→ Supplied records
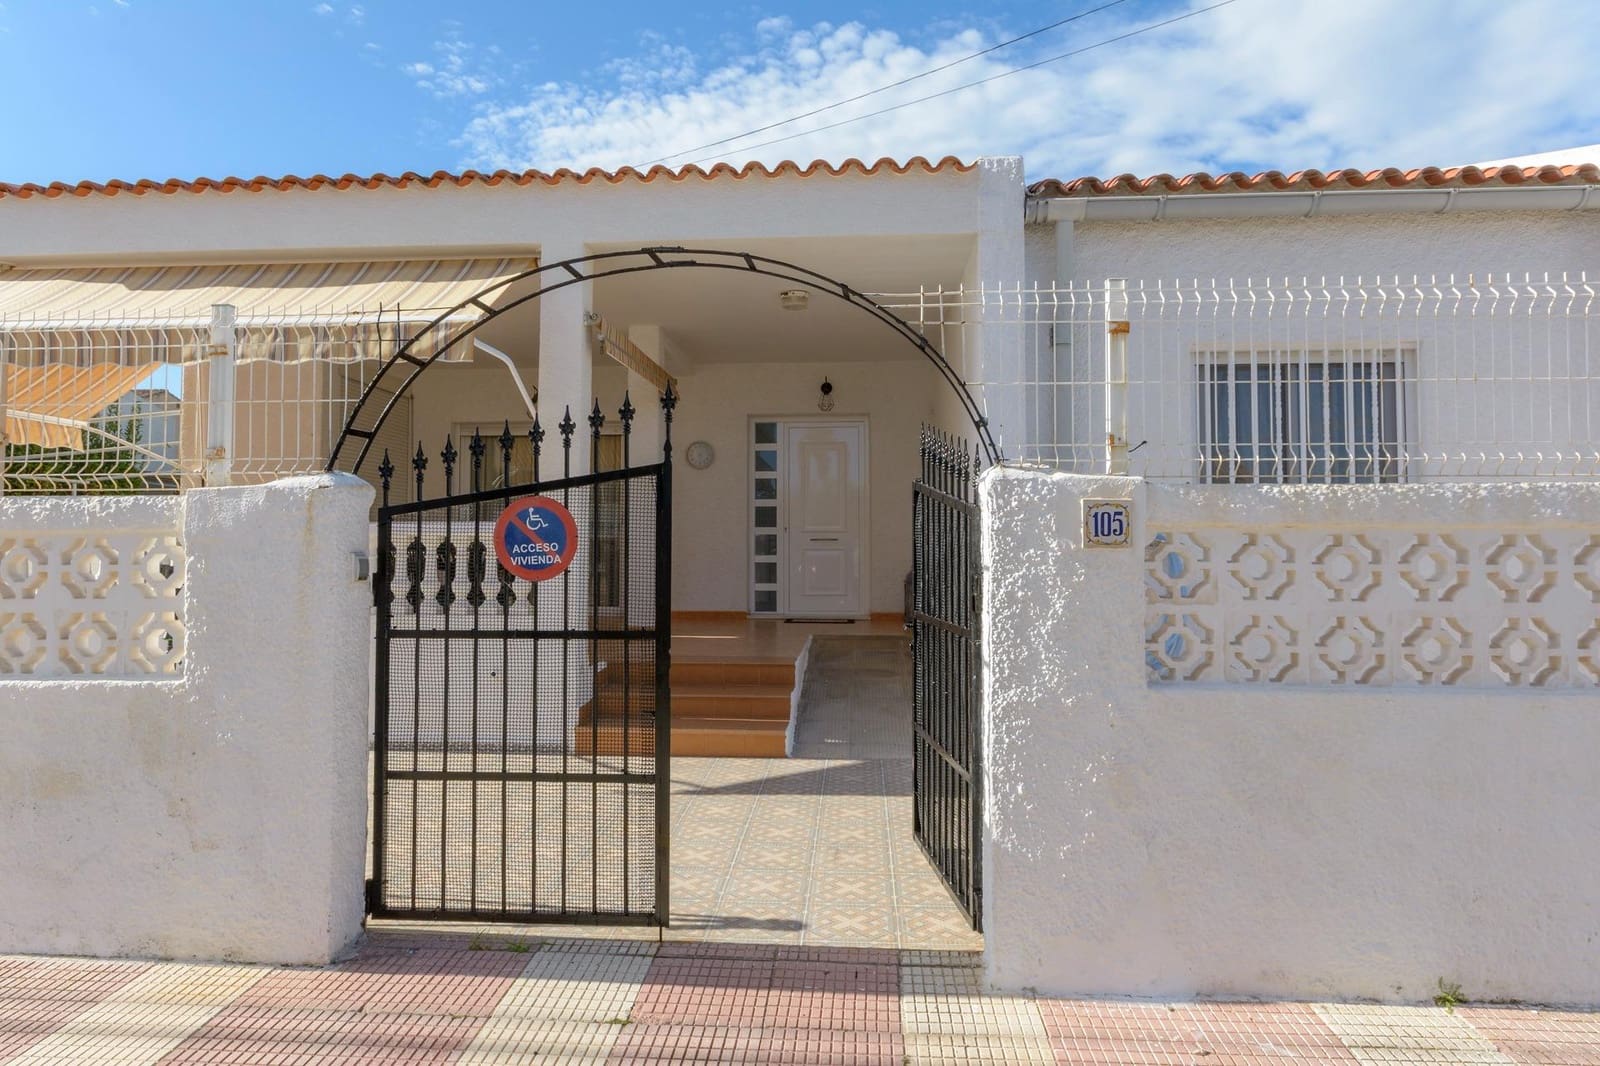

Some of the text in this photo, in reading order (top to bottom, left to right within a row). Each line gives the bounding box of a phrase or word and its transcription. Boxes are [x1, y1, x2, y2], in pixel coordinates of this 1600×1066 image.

[1092, 511, 1124, 538] 105
[512, 542, 559, 554] ACCESO
[510, 554, 562, 566] VIVIENDA
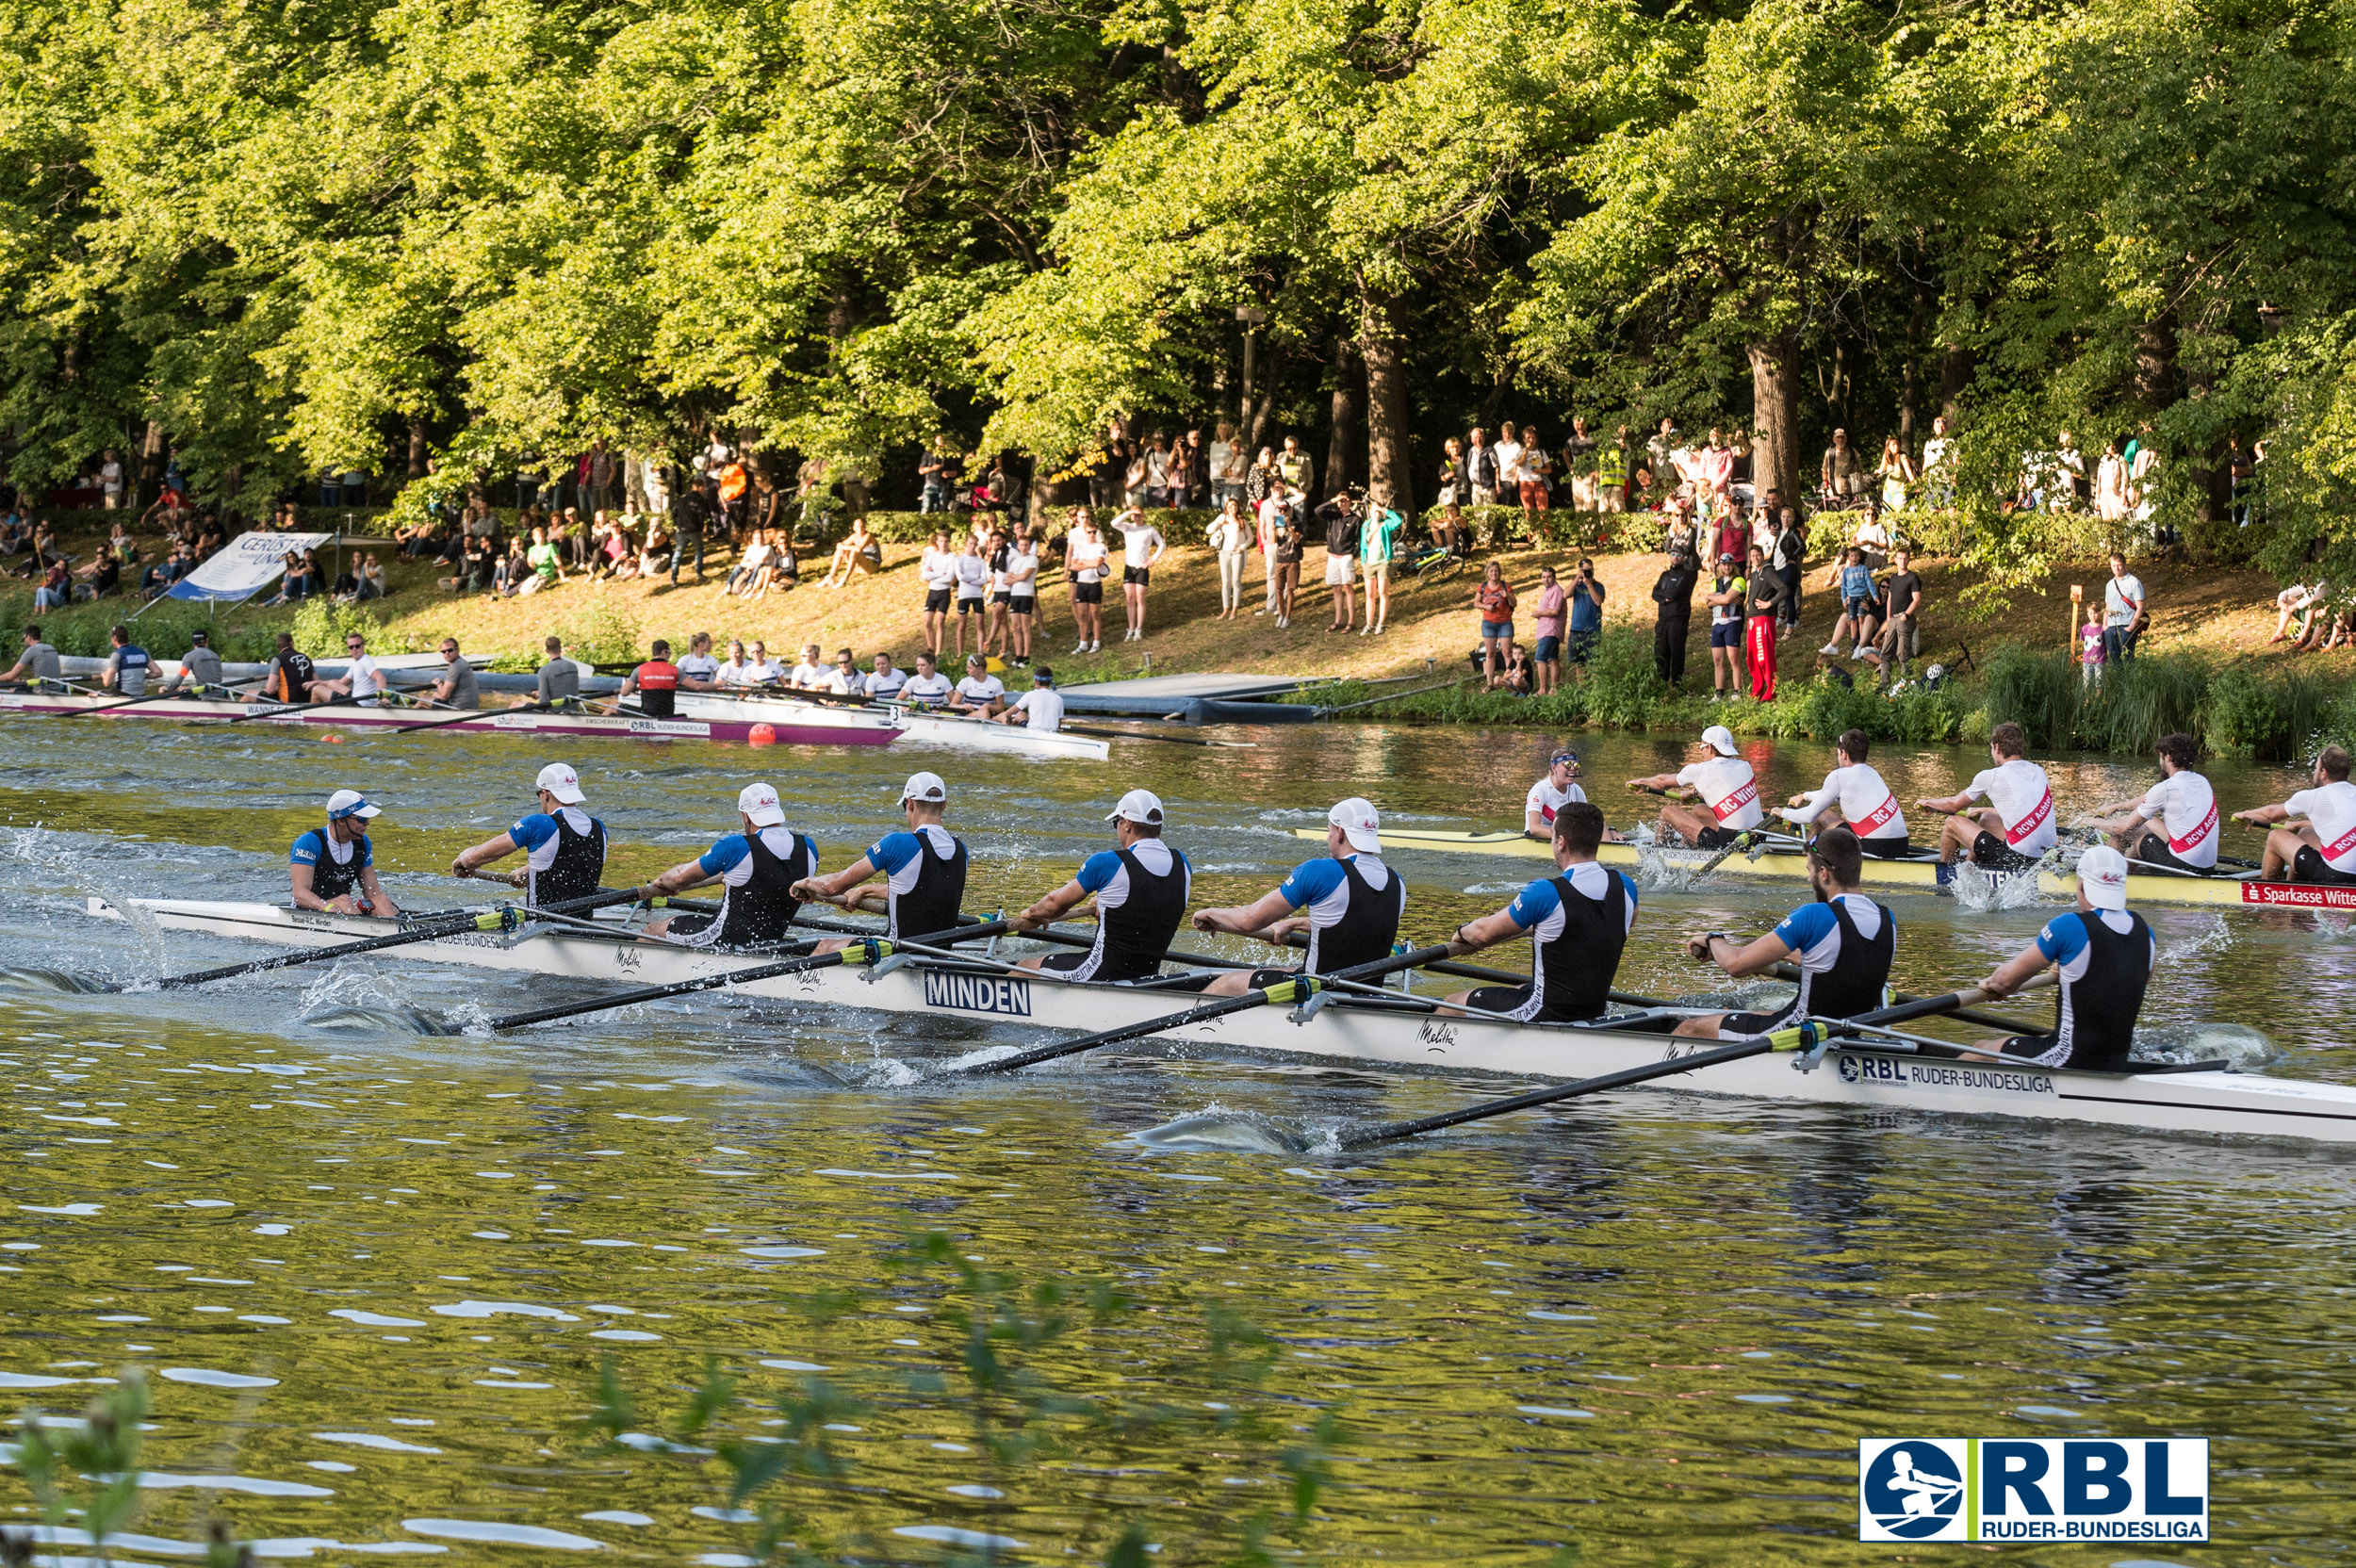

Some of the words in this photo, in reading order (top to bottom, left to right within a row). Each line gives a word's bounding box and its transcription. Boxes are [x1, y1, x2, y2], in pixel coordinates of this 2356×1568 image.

[1756, 626, 1765, 662] HOLLISTER
[892, 707, 899, 721] 3
[639, 721, 656, 730] RBL
[657, 724, 709, 732] RUDER-BUNDESLIGA
[1719, 798, 1738, 815] RC
[1870, 808, 1890, 825] RC
[2016, 817, 2036, 836] RCW
[2184, 826, 2205, 845] RCW
[2334, 832, 2356, 852] RCW
[2264, 887, 2322, 904] Sparkasse
[614, 943, 642, 969] Melitta
[927, 972, 1028, 1015] MINDEN
[1415, 1018, 1455, 1047] Melitta
[1861, 1057, 1907, 1081] RBL
[1912, 1066, 2054, 1093] RUDER-BUNDESLIGA

→ Problem statement
From the first line of the material to the last, retype everything exactly except the images.

→ Reply
Some of the text in this photo, in reading order (top to bottom, left to right within a row). Each line gives the bounding box of a phrase or word and its transcription. Boxes are [x1, y1, x2, y2], in pixel coordinates of this 1600×1066 image.

[1092, 511, 1124, 538] 105
[512, 542, 559, 554] ACCESO
[510, 554, 562, 566] VIVIENDA

Some of the words in this photo, in reading order (top to bottom, left to right within a row). Each line gives a word's bounding box and its transcription. Boxes are [x1, y1, x2, y2], in pixel coordinates of this 2356×1568 image.

[1756, 626, 1765, 662] HOLLISTER
[892, 707, 899, 721] 3
[639, 721, 656, 730] RBL
[657, 724, 709, 732] RUDER-BUNDESLIGA
[1719, 798, 1738, 815] RC
[1870, 808, 1890, 825] RC
[2016, 817, 2036, 836] RCW
[2184, 826, 2205, 845] RCW
[2334, 832, 2356, 852] RCW
[2264, 887, 2322, 904] Sparkasse
[614, 943, 642, 969] Melitta
[927, 972, 1028, 1015] MINDEN
[1415, 1018, 1455, 1047] Melitta
[1861, 1057, 1907, 1081] RBL
[1912, 1066, 2054, 1093] RUDER-BUNDESLIGA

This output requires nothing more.